Paul Wittgenstein is een tiran. De eenarmige concertpianist* gelooft heilig in de verheffende waarden van muziek en kunst. Met iedereen die het hier niet mee eens is heeft hij zeer weinig geduld…
Elke zondag geeft Wittgenstein les aan huis. Zo ook aan de verwende kinderen Charlie en Mathilda. De verwende pubers zijn zó klaar met de ouderwetse ideologieën van de eenarmige pianotiran dat ze – tijdens de zoveelste pianoles – besluiten een gewelddadige punt te willen zetten achter de ellendige indoctrinatie.

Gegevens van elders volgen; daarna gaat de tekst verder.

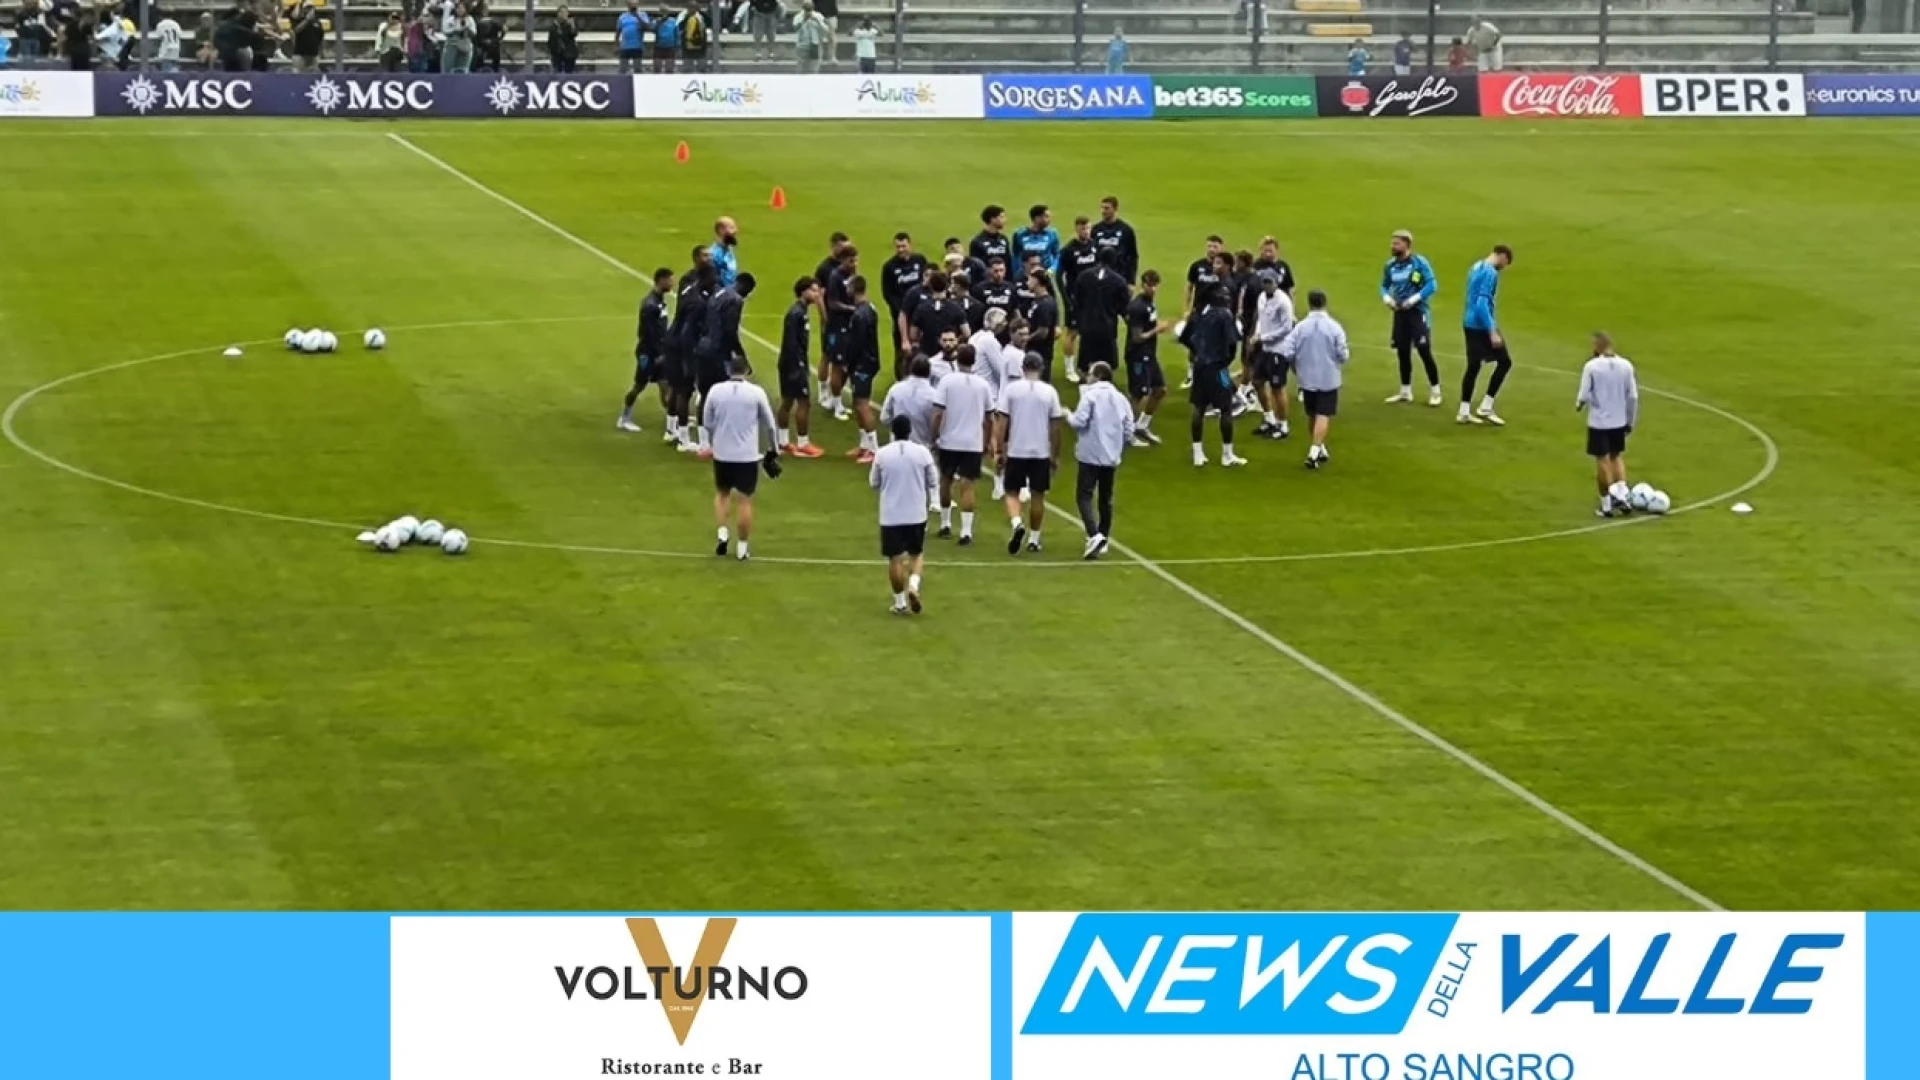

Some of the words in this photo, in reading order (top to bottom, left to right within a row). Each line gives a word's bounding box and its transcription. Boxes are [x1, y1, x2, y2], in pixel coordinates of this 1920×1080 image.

Wat volgt is een spel vol vileine intriges, verfijnde scheldpartijen en botsende opvattingen over het belang van vingeroefeningen. Op slinkse wijze manoeuvreert butler Stiglitz door dit tragikomische schouwspel.
Een spel dat slechts kan eindigen met een dramatisch slotakkoord…
*Pianist Paul Wittgenstein, broer van filosoof Ludwig Wittgenstein, verloor in de Eerste Wereldoorlog zijn rechterarm, en liet componisten als Strauss, Ravel en Prokofiev pianostukken voor alléén de linkerhand schrijven.